I majored in English, so I spent many an hour coming up with 500 words to answer an assignment to "compare and contrast" something; two poems on the same subject, or two main characters in two different novels, or two minor characters in the same novel. It turns out you can compare and contrast with wine, too, and it's a lot more fun.

The basic idea is this: If you're going to have a dinner party big enough to open two bottles of wine, you can make it a little more interesting if you open two bottles that are similar but not identical, give everyone two glasses, and let them compare and contrast.

Note "similar". There have to be enough comparisons to make the contrasts stick out. You would not compare "War and Peace" to a haiku about butterflies. The same is true for wines; you pick two that are alike in many ways, so that the differences stick out.

"Compare and contrast" is less formal than a wine tasting, where you might have six different Sonoma County zinfandels, but a little more focused than just opening two bottles of red to go with the spaghetti. I have some parings I've enjoyed below.

All the wines are readily available in grocery stores in northern California for $10 - $20, taking into account the fact wines often go on sale, and most stores will give you a 10% discount if you buy a total of six bottles (of anything, not six of the same wine.) Raley's gives you a whopping 30% off if you buy six.

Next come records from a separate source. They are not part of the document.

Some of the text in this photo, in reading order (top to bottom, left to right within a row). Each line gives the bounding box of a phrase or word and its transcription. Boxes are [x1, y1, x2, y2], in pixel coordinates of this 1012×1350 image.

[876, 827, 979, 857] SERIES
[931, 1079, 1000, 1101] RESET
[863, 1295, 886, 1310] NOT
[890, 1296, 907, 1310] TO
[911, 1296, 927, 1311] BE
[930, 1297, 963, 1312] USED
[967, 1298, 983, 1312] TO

First comparison - same grape, different continents. Sea Glass Unoaked Chardonnay, Louis Jadot Macon Village. Sea Glass is from Santa Barbara County, California. M. Jadot's wine is from Macon, in France. (French wines are named after their region, but each region uses specific grapes.) Both are Chardonnay, both are unoaked. The Sea Glass is a better comparison than most California Chardonnays, which have a touch (or a ton) of oak.

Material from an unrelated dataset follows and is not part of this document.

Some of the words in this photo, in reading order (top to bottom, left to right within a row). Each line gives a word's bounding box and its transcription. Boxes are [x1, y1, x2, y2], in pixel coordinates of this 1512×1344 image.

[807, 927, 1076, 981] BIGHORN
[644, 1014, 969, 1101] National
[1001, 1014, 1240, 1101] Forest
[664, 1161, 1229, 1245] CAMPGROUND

Here are two that are much closer - La Crema Chardonnay, one from Sonoma County and the other from Monterey County. Same vintner, same grape, same year, different county. I found the Monterey one to be brighter, lighter, more fun and less complex. You have to be careful about your comparisons. When I likened the Monterey to a well-endowed 20-something blonde who thought "Kofi Annan" was a specialty drink at Starbucks and the Sonoma to a slender 30-something brunette who wrote free-lance articles on foreign affairs, my wife hit me with a baguette.

For our next trick, you need to have enough space on the floor of your closet for a bottle of wine and a bit of patience. Louis Martini makes a Cabernet Sauvignon from Napa County grapes, and another from Sonoma County grapes. But, he releases the Napa one a year later than the Sonoma one. So, buy a Sonoma County one, lay it in the floor at the back of your closet, wait a year, buy a Napa County one of the same year and compare the two; same vintner, same grape, same year, different county.

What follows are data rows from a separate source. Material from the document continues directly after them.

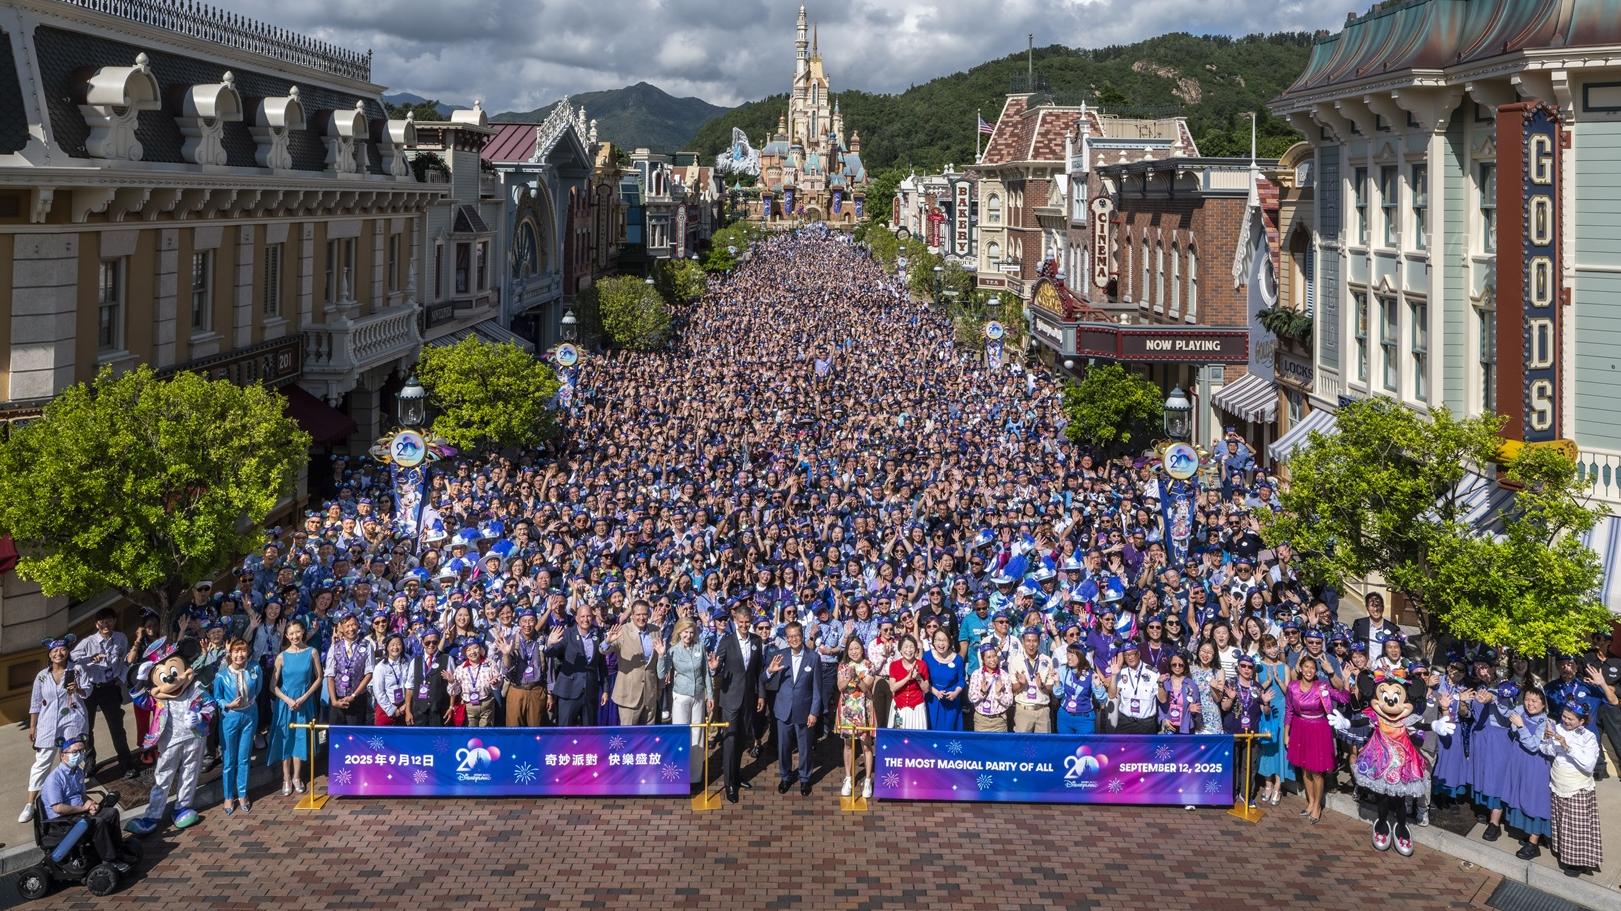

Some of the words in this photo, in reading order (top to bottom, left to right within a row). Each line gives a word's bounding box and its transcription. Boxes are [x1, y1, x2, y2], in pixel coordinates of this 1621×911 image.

[958, 187, 968, 252] BAKERY
[1096, 213, 1107, 278] CINEMA
[1528, 133, 1554, 431] GOODS
[1146, 339, 1172, 351] NOW
[1175, 340, 1221, 351] PLAYING
[279, 353, 292, 368] 201
[545, 753, 598, 766] 奇妙派對
[608, 752, 662, 766] 快樂盛放
[884, 757, 903, 768] THE
[905, 758, 936, 769] MOST
[937, 760, 984, 771] MAGICAL
[985, 761, 1018, 772] PARTY
[1019, 763, 1034, 772] OF
[1035, 763, 1054, 773] ALL
[1119, 762, 1177, 773] SEPTEMBER
[1178, 763, 1193, 774] 12,
[1194, 763, 1223, 773] 2025

If you have even more space and patience, buy six of the Sonoma County, lay them down, and wait a year. Open one every year from then on, and pair it with the current Sonoma County offering.

As a side note, any cool, dark place with a stable temperature will work to store wine. Wine's chief enemies are heat, vibration and light, so a wine rack on the top of the refrigerator in a sunny kitchen is a really bad idea. "Heat" per se isn't so bad as "constantly changing temperature"; a steady 70 degrees would be better than a daily change of 65 - 78 and back again. (When I was in college, working part time as a deliveryman for a Danish modern furniture store, we delivered a chest of drawers to a fellow who owned a home in the Berkeley hills. He had a 12-bottle chrome and leather wine rack on the top of his refrigerator. I didn't say anything, but I snickered when I told my wine tasting group about him.)

Wonder if "Reserve" is worth the extra money? Buy one of the Reserve and one of the regular, same grape, same vintner. (If all the vintner offers is "Reserve", write them off, remembering Garrison Keillor's line about Lake Woebegone, "Where all the children are above average". The last one I tried this one with was Clos du Bois; the Sonoma Reserve Chardonnay, from the Russian River Valley, was better than their regular one, which is from a generic "Northern California". It's also $2 - $3 more, so "better" is a judgement call, tempered with how much you want to spend.

A bit of background that most of you won't need - there are two basic styles popular in red wines, Burgundy and Bordeaux. Burgundy, in California and Oregon, is Pinot Noir, and Bordeaux is Cabernet, Merlot and Zinfandel. Bottles labeled "California Burgundy" aren't, but graduate students usually can't afford anything better, so they serve a purpose.

Cabernet is supposed to be richer and more complex than Merlot, and Merlot "more accessible", which means less complex and ready to drink earlier. (Chateau Lafite-Rothschild makes their wine by blending Cabernet and Merlot, plus a trace of two other grapes; so do the other chateaux in Bordeaux.) Bordeaux and Burgundy have always seemed smooth to me, but Bordeaux is velvet and Burgundy is silk.

That opens a world of comparisons, and a really good excuse to BBQ a tri-tip. Keeping the county, vintner and year the same, compare Cabernet to Merlot, Cabernet to Zinfandel, and Merlot to Zinfandel. Keeping county, year, grape and price the same (or, in the case of price, close), compare two different vintners. That particular exercise, given how many nice reds there are in California, is good for a year or two, at one "compare and contrast" dinner a week.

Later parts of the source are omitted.